◆ WORK TASK:
Could you transcribe every record below exactly, leaving out the pictures?

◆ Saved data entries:
══════

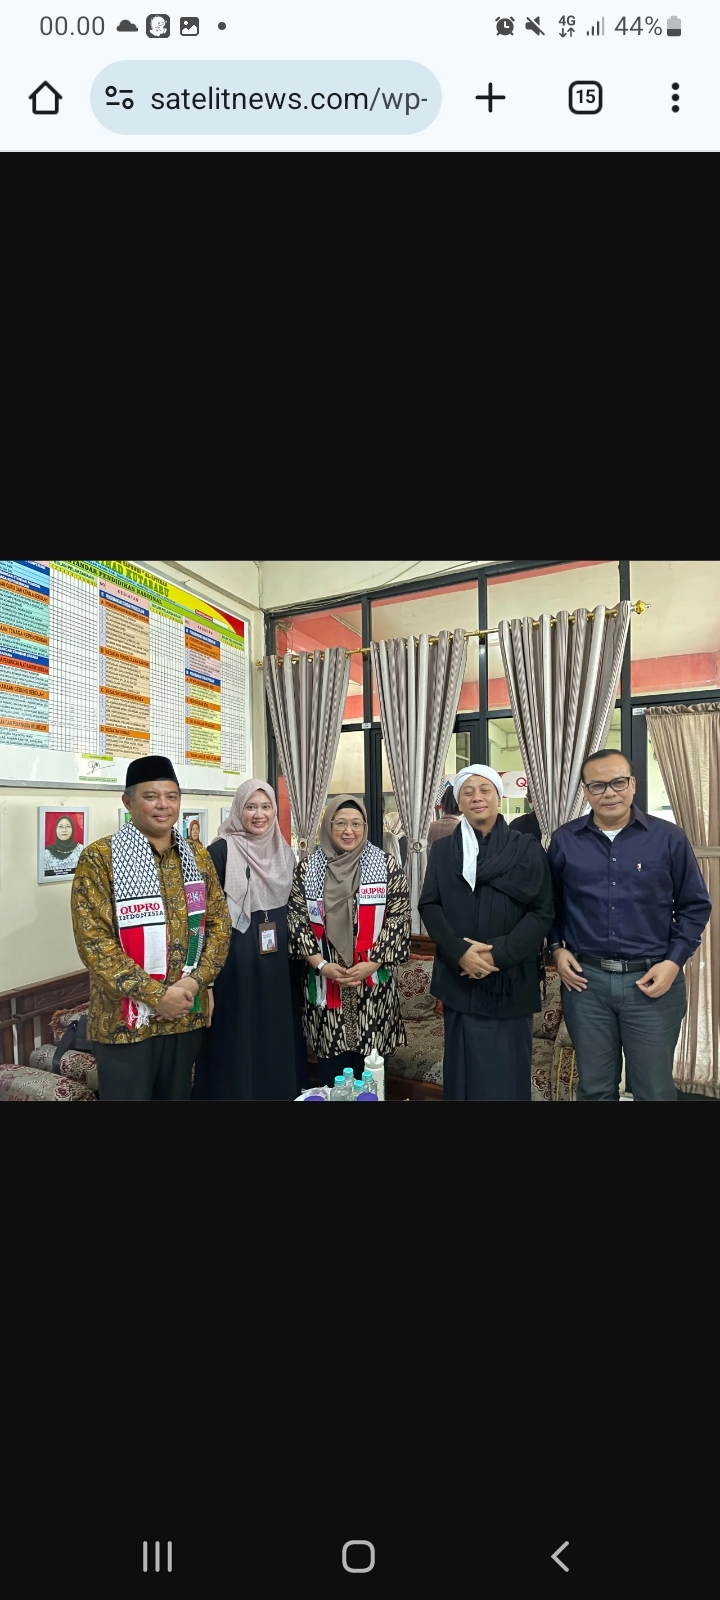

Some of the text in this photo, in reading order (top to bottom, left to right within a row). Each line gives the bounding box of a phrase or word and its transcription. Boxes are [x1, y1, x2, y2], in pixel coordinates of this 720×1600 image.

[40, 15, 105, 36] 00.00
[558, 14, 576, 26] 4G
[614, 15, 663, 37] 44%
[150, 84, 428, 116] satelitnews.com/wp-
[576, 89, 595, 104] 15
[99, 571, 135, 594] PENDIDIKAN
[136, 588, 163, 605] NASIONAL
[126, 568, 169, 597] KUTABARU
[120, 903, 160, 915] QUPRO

══════

◆ TASK OUTPUT:
Some of the text in this photo, in reading order (top to bottom, left to right within a row). Each line gives the bounding box of a phrase or word and its transcription. Boxes are [x1, y1, x2, y2], in pixel coordinates of this 720×1600 image.

[40, 15, 105, 36] 00.00
[558, 14, 576, 26] 4G
[614, 15, 663, 37] 44%
[150, 84, 428, 116] satelitnews.com/wp-
[576, 89, 595, 104] 15
[99, 571, 135, 594] PENDIDIKAN
[136, 588, 163, 605] NASIONAL
[126, 568, 169, 597] KUTABARU
[120, 903, 160, 915] QUPRO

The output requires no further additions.